Formerly known as the Water Resource Overlay District, the city recently adopted the new Natural Resource Overlay District. All development in the Water Quality Resource Area Overlay is subject to review by the City of Oregon City to ensure adequate protection of a nearby water feature (such as a stream or wetland). The Oregon City Municipal Code protects the water feature by enforcing a vegetated corridor consisting of native plantings along the bank of the stream to improve the water quality and function and discourage development within this corridor. All development, including the construction of buildings or other structures, mining, dredging, paving, filling, grading, or site clearing, and grubbing in amounts greater than ten cubic yards on any lot or excavation are required to be reviewed by the City for compliance with city development standards in Chapter 17.49 of the Oregon City Municipal Code. In addition, any other activity that results in the removal of more than ten percent of the existing vegetation in the water quality resource area is also subject to review, though activities on impervious surfaces are exempt. For additional information please contact the Planning Division at (503) 722-3789.

 

What is the Geologic Hazard Overlay Zone?

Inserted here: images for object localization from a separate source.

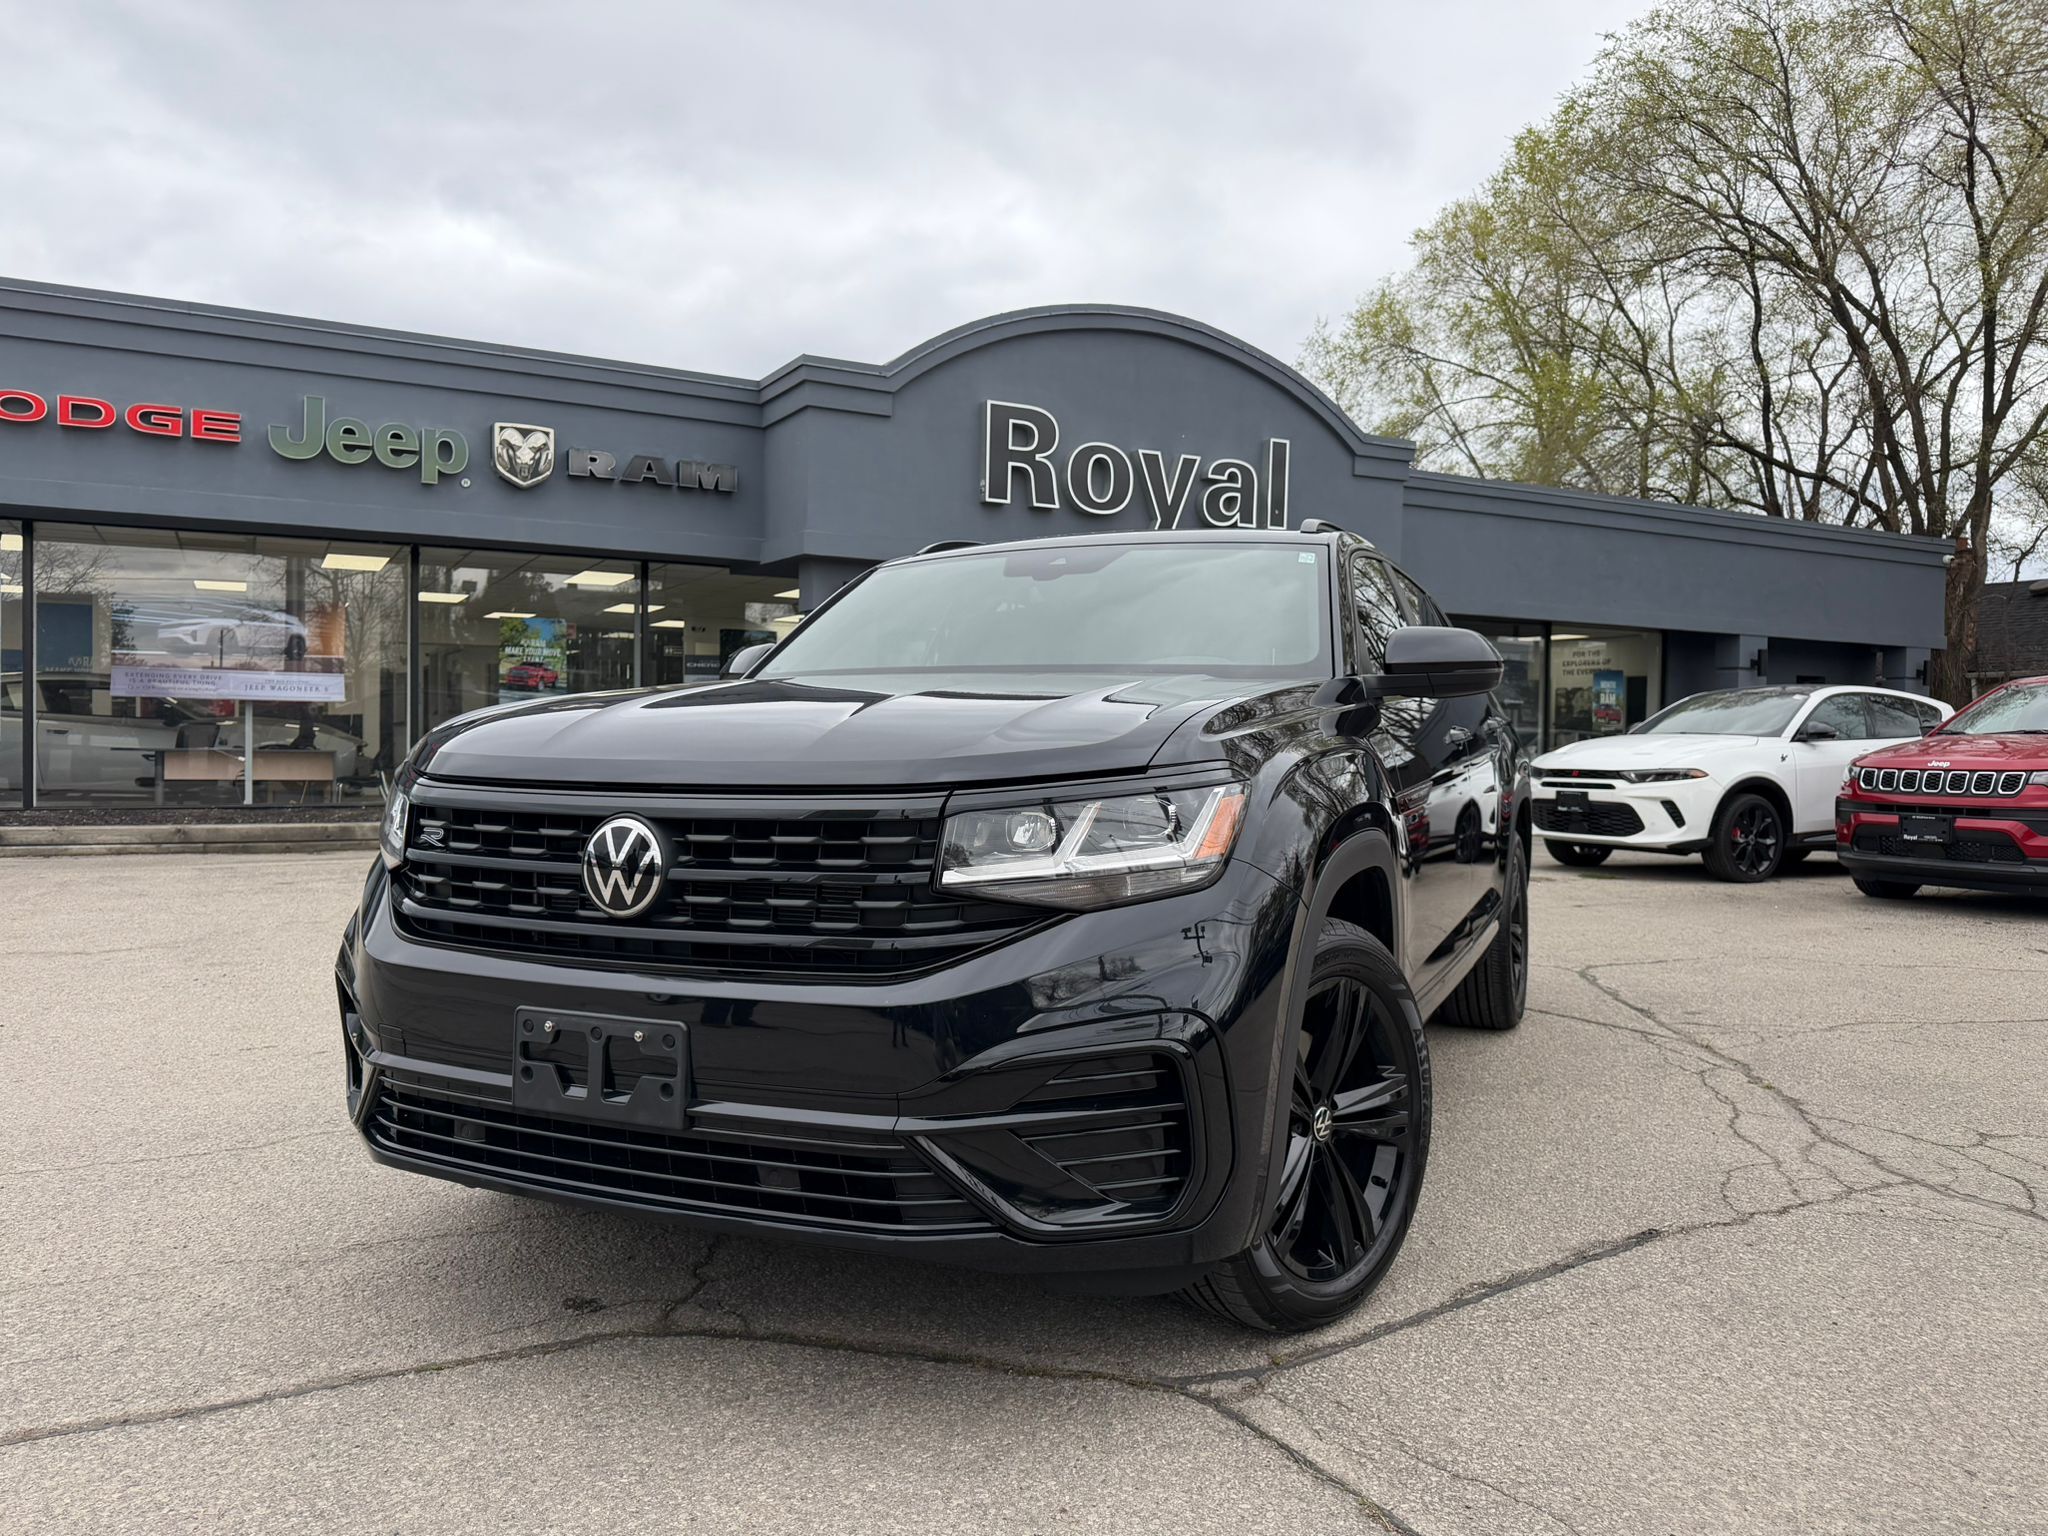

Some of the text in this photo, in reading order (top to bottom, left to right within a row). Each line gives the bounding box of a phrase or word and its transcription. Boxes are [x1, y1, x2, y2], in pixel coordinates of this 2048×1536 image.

[267, 395, 470, 485] Jeep
[566, 447, 738, 493] RAM
[984, 400, 1290, 530] Royal
[505, 646, 523, 655] MAKE
[525, 647, 542, 656] YOUR
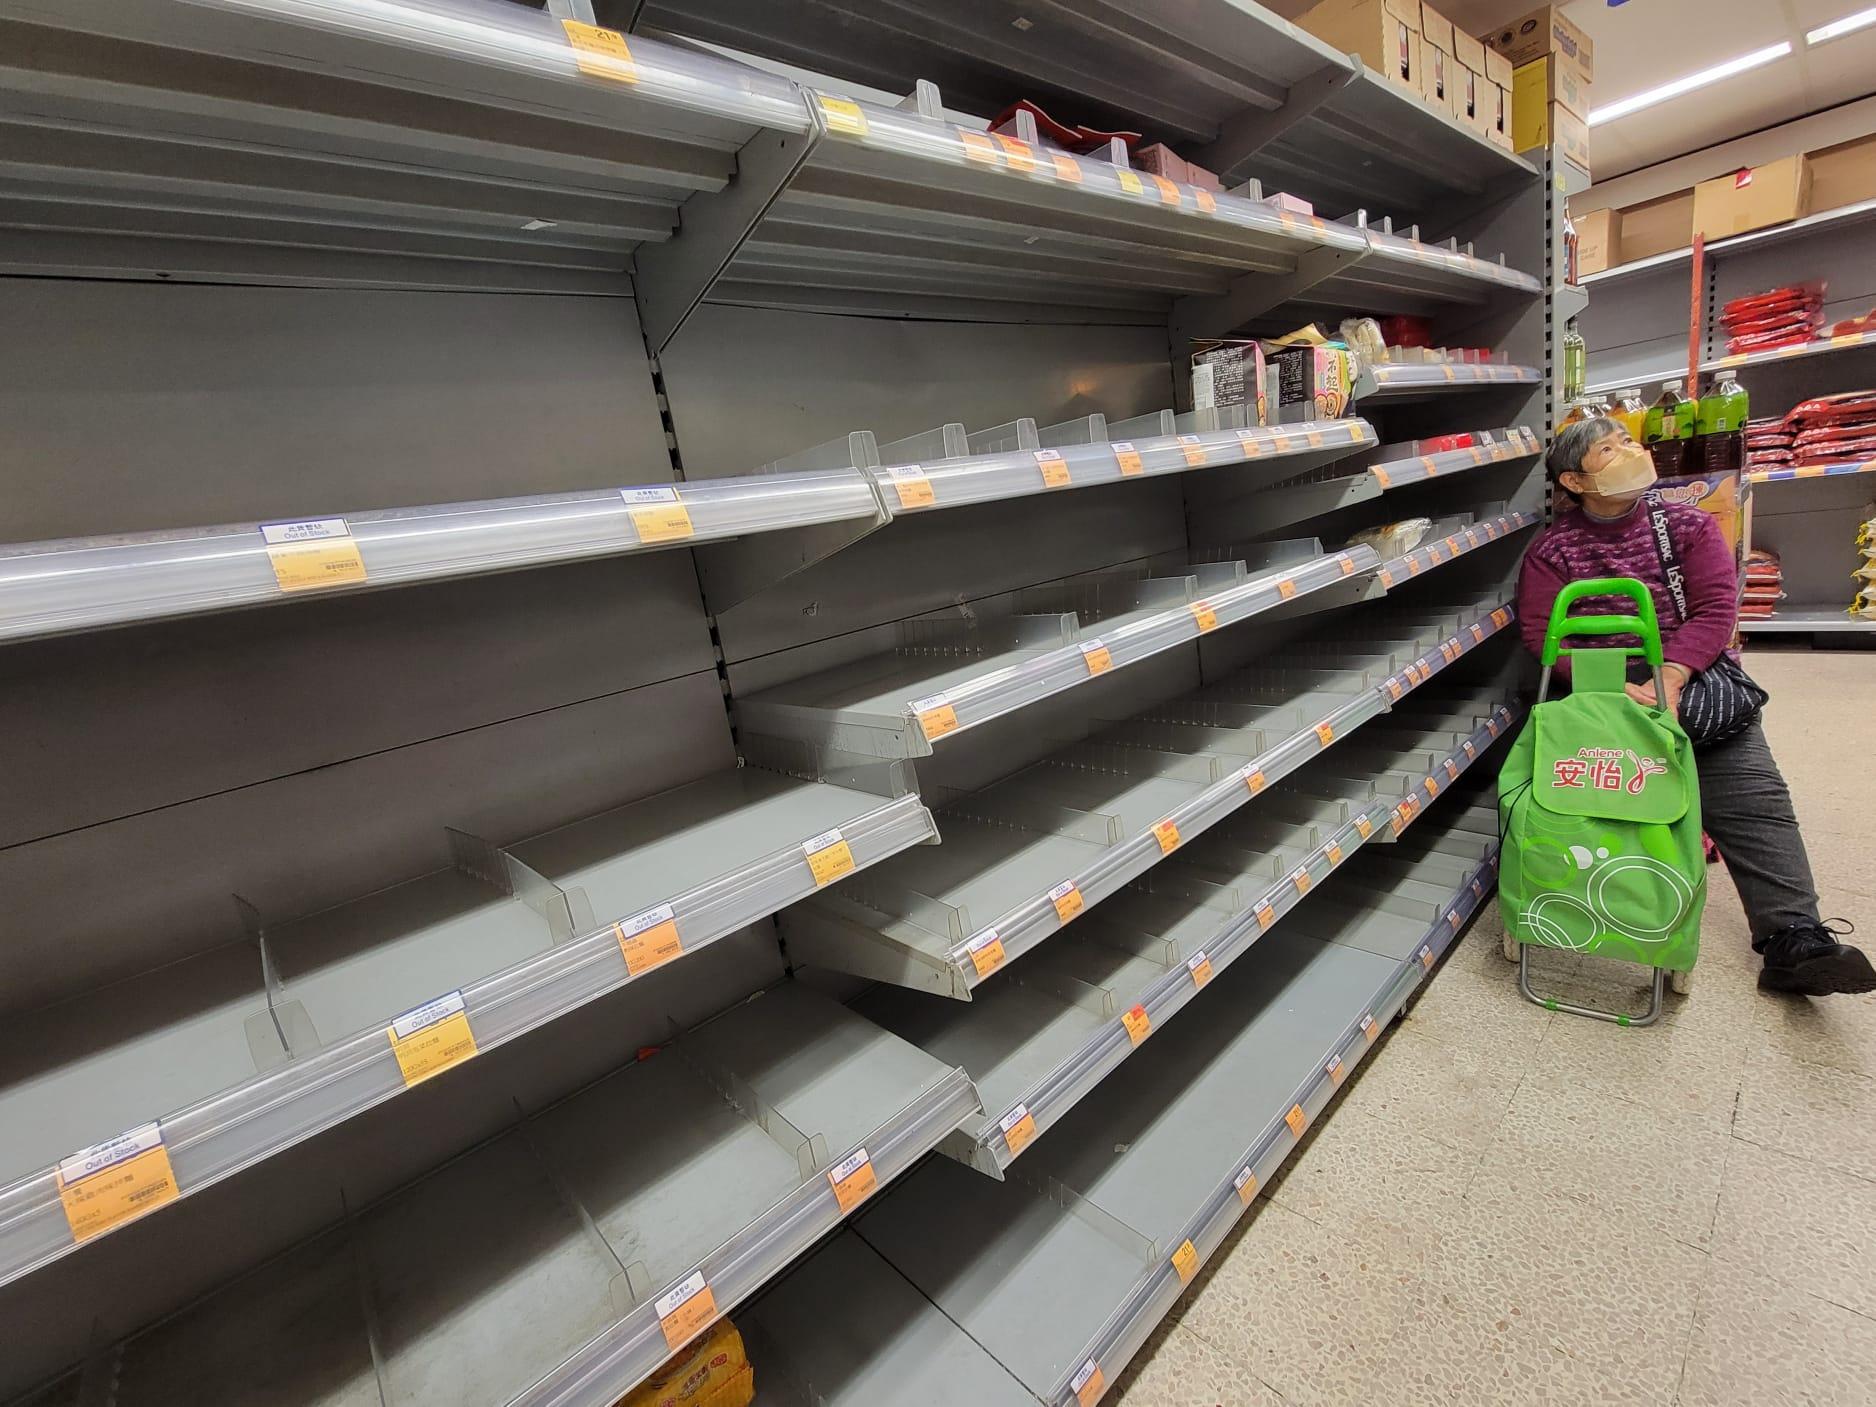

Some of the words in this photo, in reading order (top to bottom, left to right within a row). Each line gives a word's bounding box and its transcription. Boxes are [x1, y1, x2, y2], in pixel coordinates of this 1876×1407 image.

[309, 529, 330, 537] Stock
[1578, 748, 1624, 759] Anlene
[1552, 758, 1623, 790] 安怡
[650, 915, 663, 924] Stock
[412, 1018, 424, 1028] Out
[431, 1007, 449, 1019] Stock
[85, 1158, 102, 1170] Out
[103, 1154, 113, 1163] of
[114, 1143, 141, 1158] Stock

The purpose of the Geologic Hazard overlay zone is to protect development on or adjacent to hillsides of 25% slope or greater, landslides, mud flows, high ground water tables, and soil slump and erosion. In order to protect the health, safety and welfare of the public, t he city reviews all development in such areas to assure construction is completed to City standards.

 

 What is the Difference Between a Minor Partition and a Subdivision?

A minor partition is defined as a single division of land into two or three lots within a calendar year, while a subdivision is defined as a single division of land into four or more lots within a calendar year.

Do Neighborhood Associations Receieve Appeal Fee Waivers?

Yes. A city-recognized neighborhood association requesting an appeal fee waiver pursuant to 17.50.290(C) must officially approve the request through a vote of its general membership or board at a duly announced meeting prior to the filing of an appeal.